▶ WHAT YOU WILL DO
An exact copy of the records below is needed, with every picture left out.

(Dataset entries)
'''

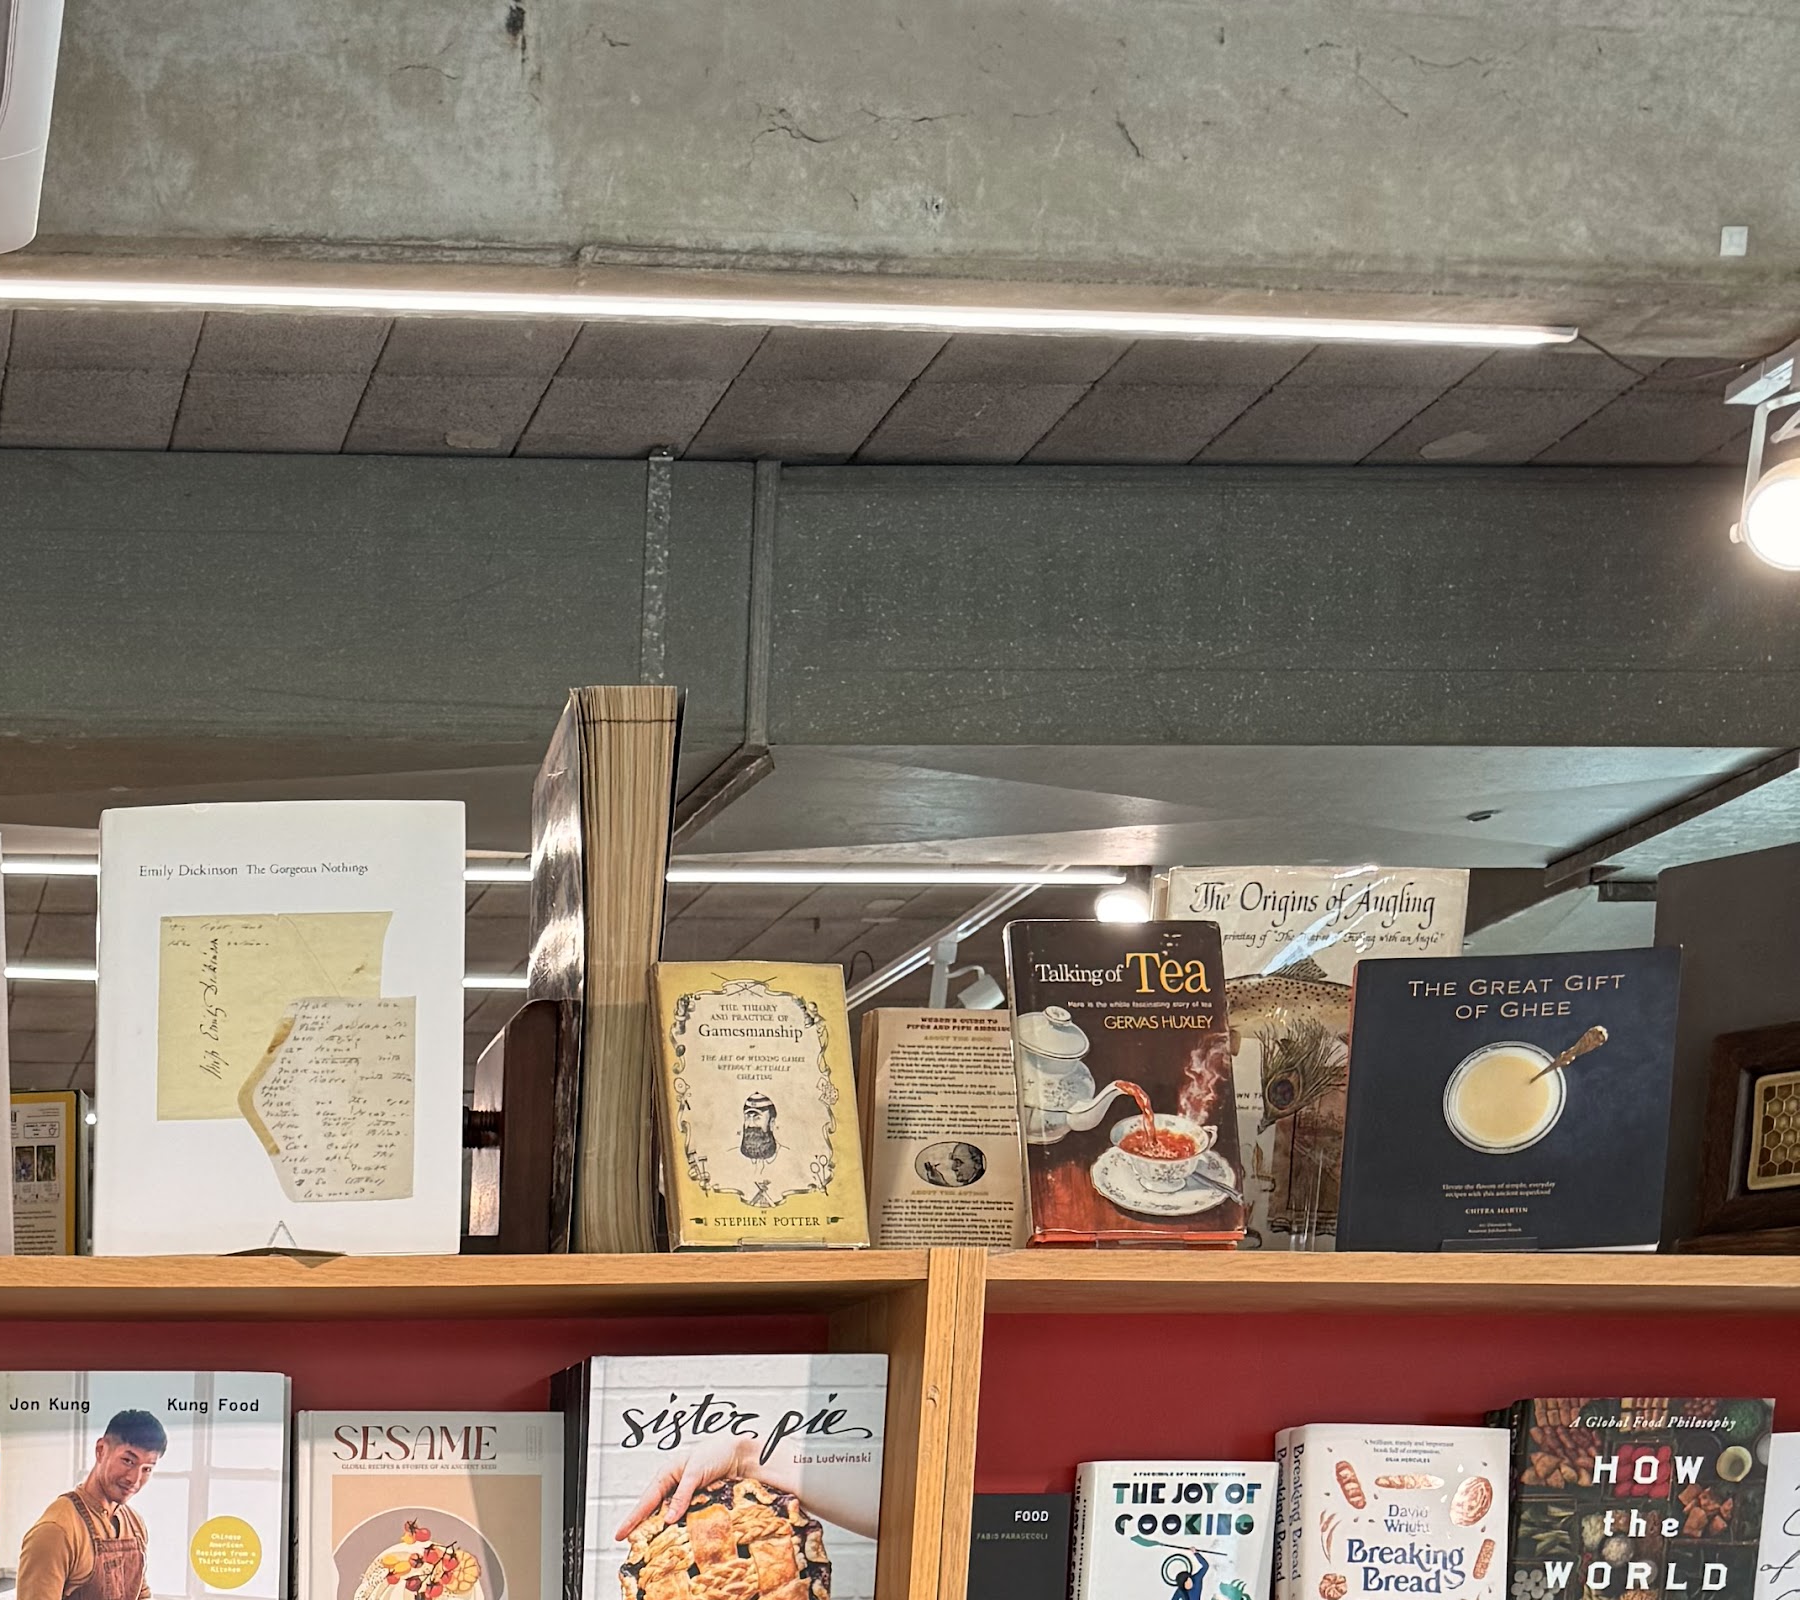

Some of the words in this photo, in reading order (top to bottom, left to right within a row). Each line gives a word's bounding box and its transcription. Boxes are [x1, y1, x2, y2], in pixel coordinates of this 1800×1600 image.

[139, 864, 174, 881] Emily
[178, 863, 238, 877] Dickinson
[245, 863, 267, 876] The
[269, 862, 318, 879] Gorgeous
[321, 861, 369, 876] Nothings
[1033, 961, 1104, 985] Talking
[1103, 963, 1124, 984] of
[1124, 951, 1212, 995] Tea
[1407, 979, 1458, 998] THE
[1468, 978, 1554, 997] GREAT
[1564, 974, 1626, 992] GIFT
[1103, 1014, 1158, 1031] GERVAS
[1160, 1013, 1214, 1030] HUXLEY
[1454, 1004, 1489, 1020] OF
[1499, 1000, 1572, 1019] GHEE
[697, 1022, 804, 1043] Gamesmanship
[713, 1216, 768, 1228] STEPHEN
[773, 1215, 822, 1228] POTTER
[9, 1397, 38, 1413] Jon
[46, 1398, 90, 1415] Kung
[167, 1397, 211, 1414] Kung
[218, 1398, 260, 1413] Food
[621, 1392, 759, 1450] sister
[758, 1392, 874, 1466] pie
[332, 1425, 498, 1461] SESAME
[793, 1454, 811, 1465] Lisa
[815, 1452, 872, 1465] Ludwinski
[1591, 1455, 1703, 1485] HOW
[1604, 1510, 1681, 1539] the
[1346, 1537, 1466, 1590] Breaking
[1361, 1565, 1444, 1596] Bread
[1543, 1561, 1729, 1594] WORLD
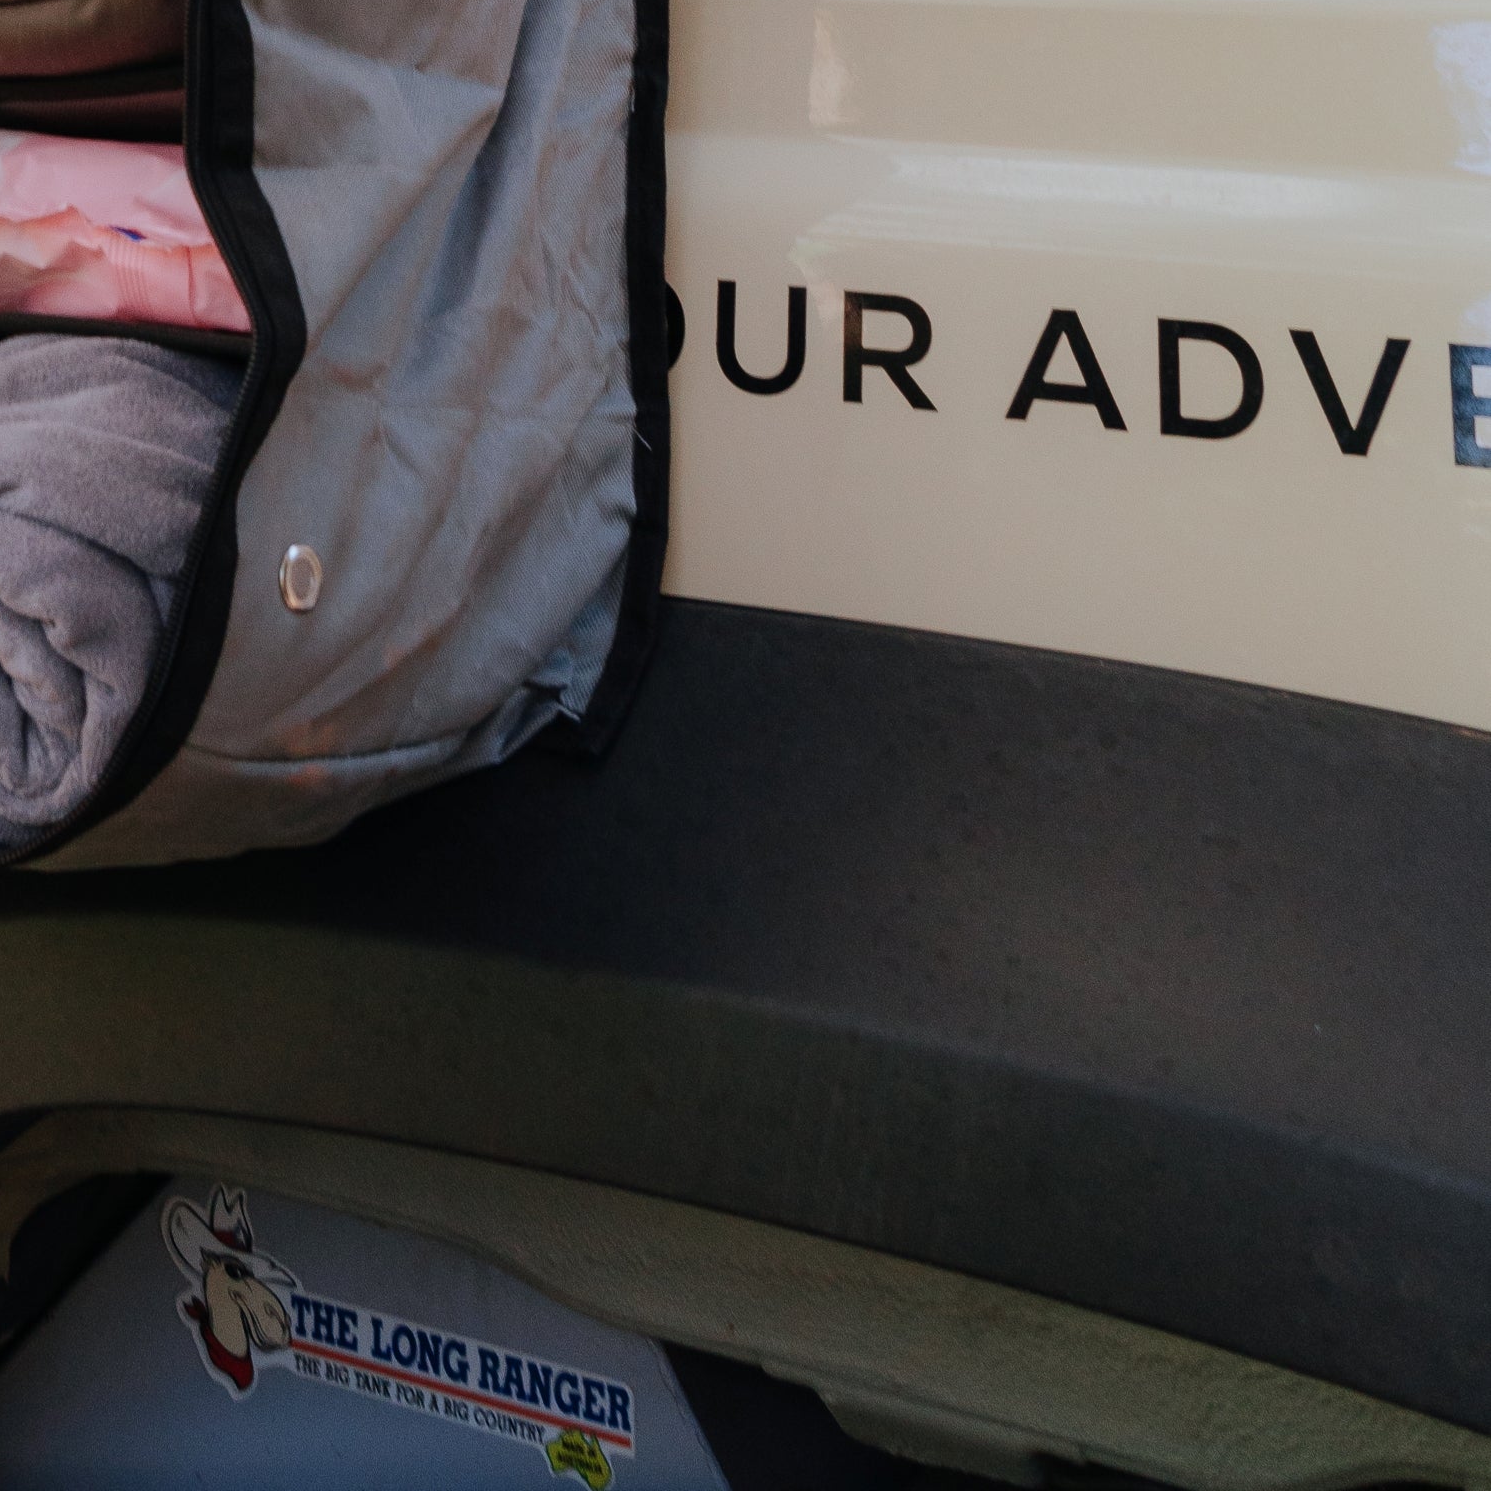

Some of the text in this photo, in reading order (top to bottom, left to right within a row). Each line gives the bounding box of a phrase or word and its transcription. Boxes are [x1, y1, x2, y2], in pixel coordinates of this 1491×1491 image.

[666, 278, 939, 414] UR
[291, 1294, 632, 1433] THE LONG RANGER
[294, 1353, 320, 1377] THE
[325, 1360, 349, 1386] BIG
[396, 1382, 425, 1411] FOR
[428, 1392, 440, 1412] A
[442, 1395, 469, 1421] BIG
[473, 1409, 546, 1446] COUNTRY
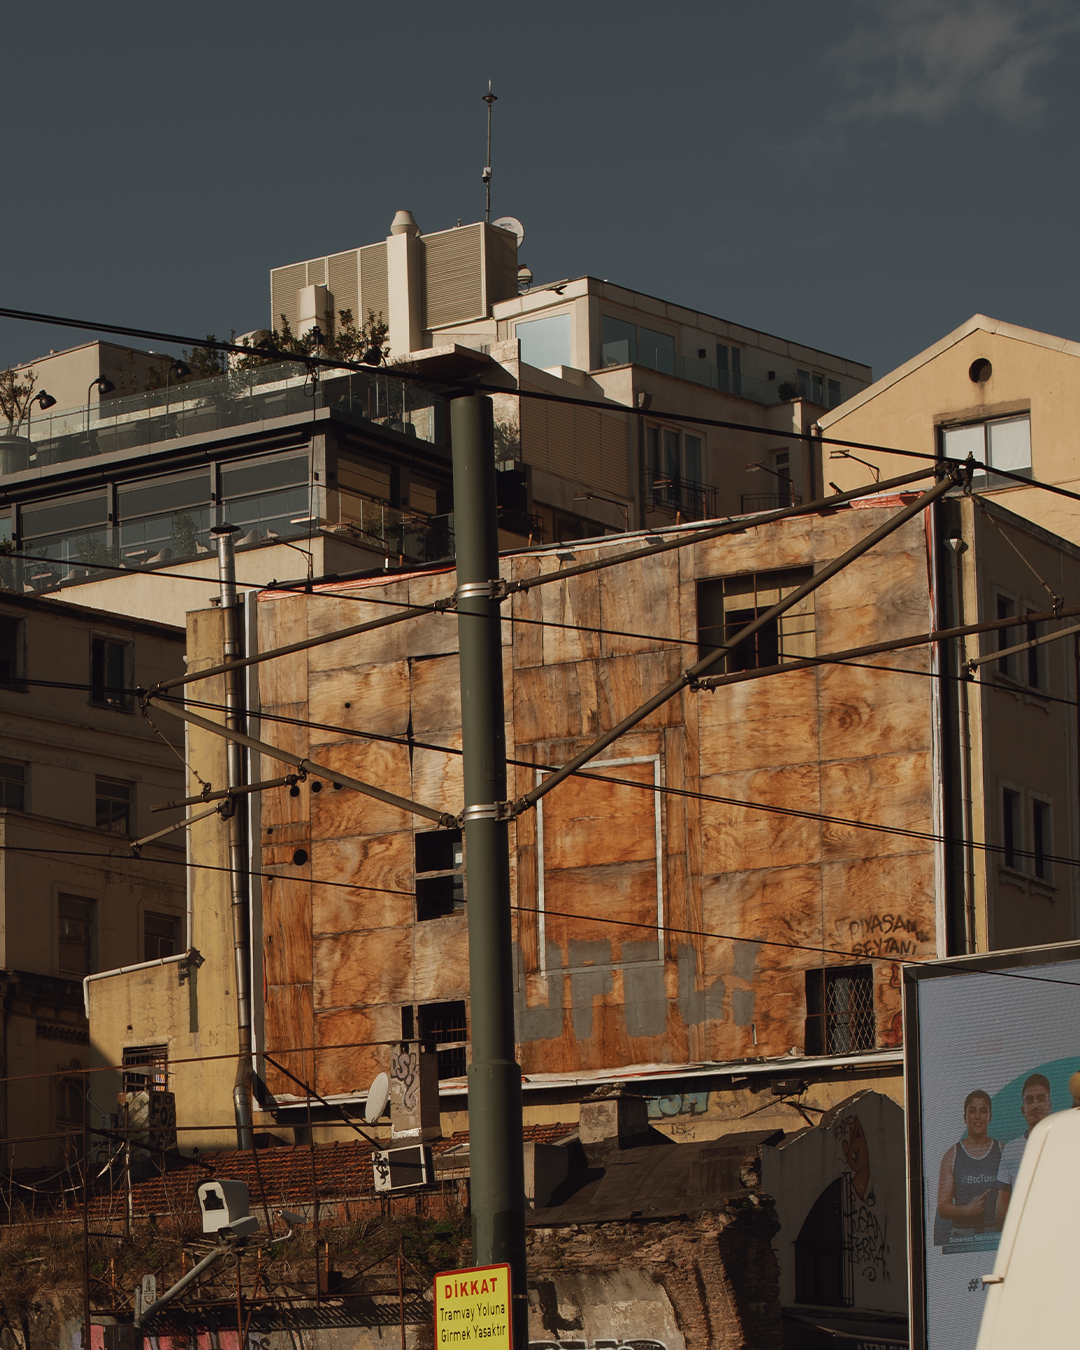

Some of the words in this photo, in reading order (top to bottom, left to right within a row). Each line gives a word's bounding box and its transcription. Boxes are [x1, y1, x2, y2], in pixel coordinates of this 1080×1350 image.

[444, 1277, 498, 1299] DİKKAT
[440, 1306, 475, 1322] Tramvay
[477, 1303, 506, 1317] Yoluna
[441, 1326, 471, 1342] Girmek
[473, 1324, 506, 1340] Yasaktır
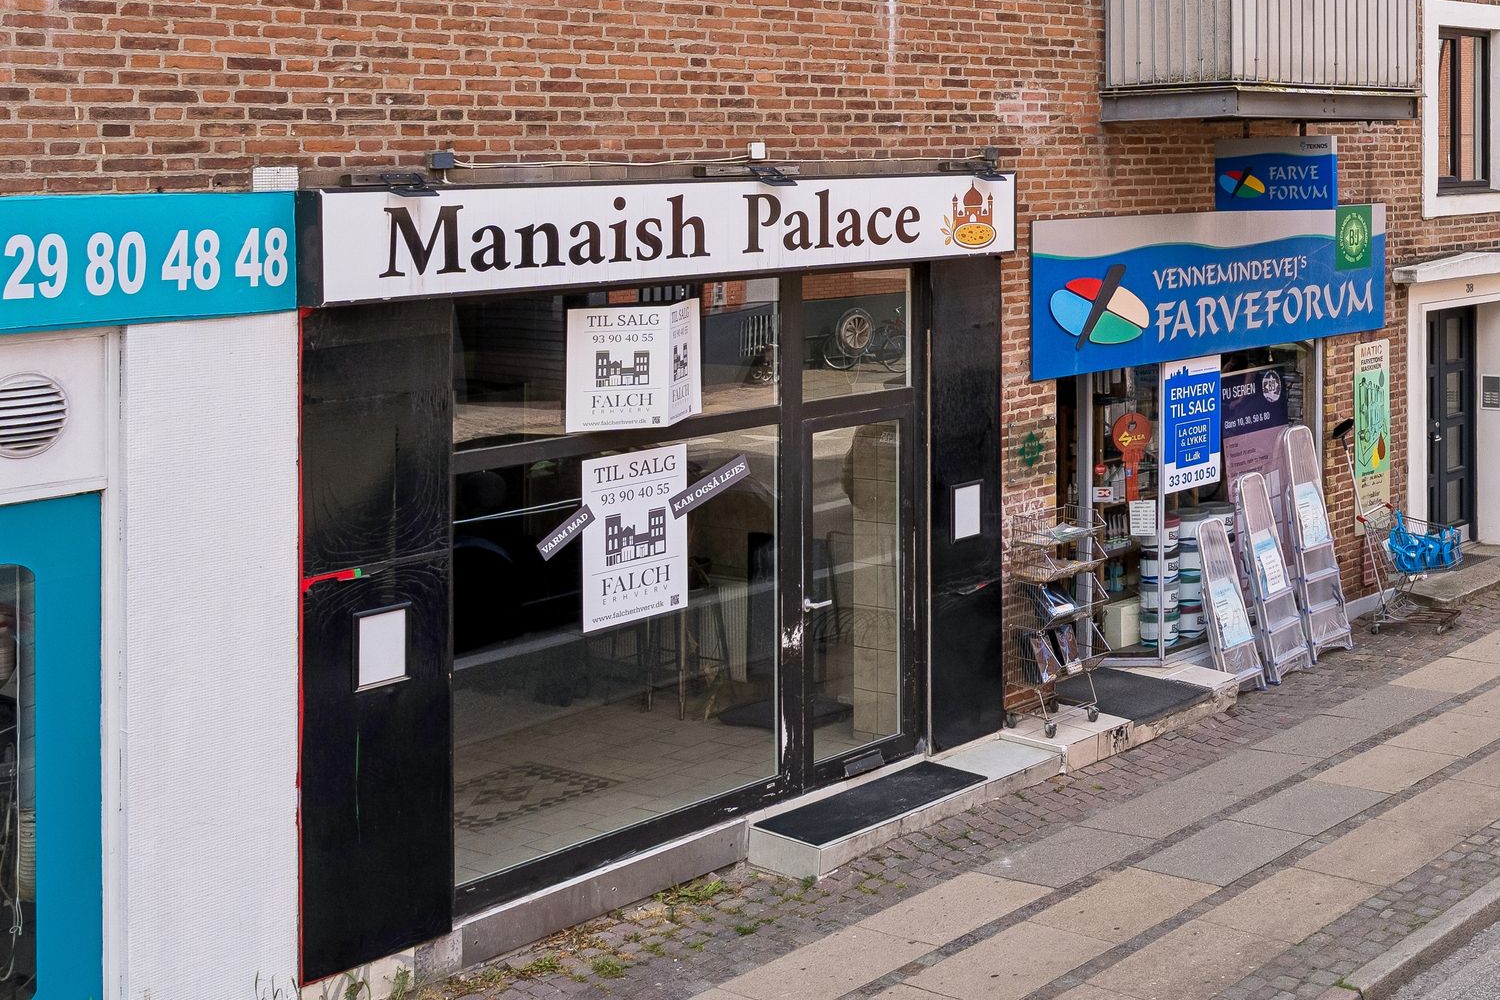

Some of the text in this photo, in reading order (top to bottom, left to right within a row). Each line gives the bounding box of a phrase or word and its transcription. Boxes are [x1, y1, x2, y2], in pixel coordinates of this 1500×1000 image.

[1269, 165, 1319, 180] FARVE
[1269, 185, 1328, 200] FORUM
[378, 189, 921, 279] Manaish Palace
[1350, 229, 1360, 246] BJ
[2, 227, 288, 300] 29 80 48 48
[1466, 283, 1474, 293] 38
[587, 313, 660, 327] TIL SALG
[1154, 278, 1374, 343] FARVEFORUM
[592, 333, 654, 343] 93 90 40 55
[1361, 344, 1383, 358] MATIC
[592, 393, 653, 408] FALCH
[1170, 381, 1215, 401] ERHVERV
[1232, 383, 1256, 398] SERIEN
[1170, 398, 1216, 419] TIL SALG
[1178, 424, 1207, 437] LA COUR
[1180, 435, 1207, 447] & LYKKE
[594, 455, 676, 484] TIL SALG
[1169, 466, 1216, 487] 33 30 10 50
[601, 482, 670, 505] 93 90 40 55
[674, 462, 746, 512] KAN OGSÅ LEJES
[541, 513, 588, 555] VARM MAD
[601, 565, 670, 596] FALCH
[603, 585, 668, 605] ERHVERV
[592, 601, 665, 624] www.falcherhverv.dk

'''

▶ WRITTEN RESPONSE
Some of the words in this photo, in reading order (top to bottom, left to right within a row). Each line gives a word's bounding box and its transcription. Boxes are [x1, y1, x2, y2], in pixel coordinates of this 1800×1600 image.

[139, 864, 174, 881] Emily
[178, 863, 238, 877] Dickinson
[245, 863, 267, 876] The
[269, 862, 318, 879] Gorgeous
[321, 861, 369, 876] Nothings
[1033, 961, 1104, 985] Talking
[1103, 963, 1124, 984] of
[1124, 951, 1212, 995] Tea
[1407, 979, 1458, 998] THE
[1468, 978, 1554, 997] GREAT
[1564, 974, 1626, 992] GIFT
[1103, 1014, 1158, 1031] GERVAS
[1160, 1013, 1214, 1030] HUXLEY
[1454, 1004, 1489, 1020] OF
[1499, 1000, 1572, 1019] GHEE
[697, 1022, 804, 1043] Gamesmanship
[713, 1216, 768, 1228] STEPHEN
[773, 1215, 822, 1228] POTTER
[9, 1397, 38, 1413] Jon
[46, 1398, 90, 1415] Kung
[167, 1397, 211, 1414] Kung
[218, 1398, 260, 1413] Food
[621, 1392, 759, 1450] sister
[758, 1392, 874, 1466] pie
[332, 1425, 498, 1461] SESAME
[793, 1454, 811, 1465] Lisa
[815, 1452, 872, 1465] Ludwinski
[1591, 1455, 1703, 1485] HOW
[1604, 1510, 1681, 1539] the
[1346, 1537, 1466, 1590] Breaking
[1361, 1565, 1444, 1596] Bread
[1543, 1561, 1729, 1594] WORLD

Some of the text in this photo, in reading order (top to bottom, left to right within a row). Each line gives the bounding box of a phrase or word and its transcription. Boxes are [x1, y1, x2, y2], in pixel coordinates of this 1491×1491 image.

[666, 278, 939, 414] UR
[291, 1294, 632, 1433] THE LONG RANGER
[294, 1353, 320, 1377] THE
[325, 1360, 349, 1386] BIG
[396, 1382, 425, 1411] FOR
[428, 1392, 440, 1412] A
[442, 1395, 469, 1421] BIG
[473, 1409, 546, 1446] COUNTRY

Some of the words in this photo, in reading order (top to bottom, left to right within a row). Each line gives a word's bounding box and its transcription. Boxes are [x1, y1, x2, y2], in pixel coordinates of this 1080×1350 image.

[444, 1277, 498, 1299] DİKKAT
[440, 1306, 475, 1322] Tramvay
[477, 1303, 506, 1317] Yoluna
[441, 1326, 471, 1342] Girmek
[473, 1324, 506, 1340] Yasaktır

Some of the text in this photo, in reading order (top to bottom, left to right within a row). Each line gives the bounding box of a phrase or word and its transcription. Boxes are [x1, y1, x2, y2], in pixel coordinates of this 1500×1000 image.

[1269, 165, 1319, 180] FARVE
[1269, 185, 1328, 200] FORUM
[378, 189, 921, 279] Manaish Palace
[1350, 229, 1360, 246] BJ
[2, 227, 288, 300] 29 80 48 48
[1466, 283, 1474, 293] 38
[587, 313, 660, 327] TIL SALG
[1154, 278, 1374, 343] FARVEFORUM
[592, 333, 654, 343] 93 90 40 55
[1361, 344, 1383, 358] MATIC
[592, 393, 653, 408] FALCH
[1170, 381, 1215, 401] ERHVERV
[1232, 383, 1256, 398] SERIEN
[1170, 398, 1216, 419] TIL SALG
[1178, 424, 1207, 437] LA COUR
[1180, 435, 1207, 447] & LYKKE
[594, 455, 676, 484] TIL SALG
[1169, 466, 1216, 487] 33 30 10 50
[601, 482, 670, 505] 93 90 40 55
[674, 462, 746, 512] KAN OGSÅ LEJES
[541, 513, 588, 555] VARM MAD
[601, 565, 670, 596] FALCH
[603, 585, 668, 605] ERHVERV
[592, 601, 665, 624] www.falcherhverv.dk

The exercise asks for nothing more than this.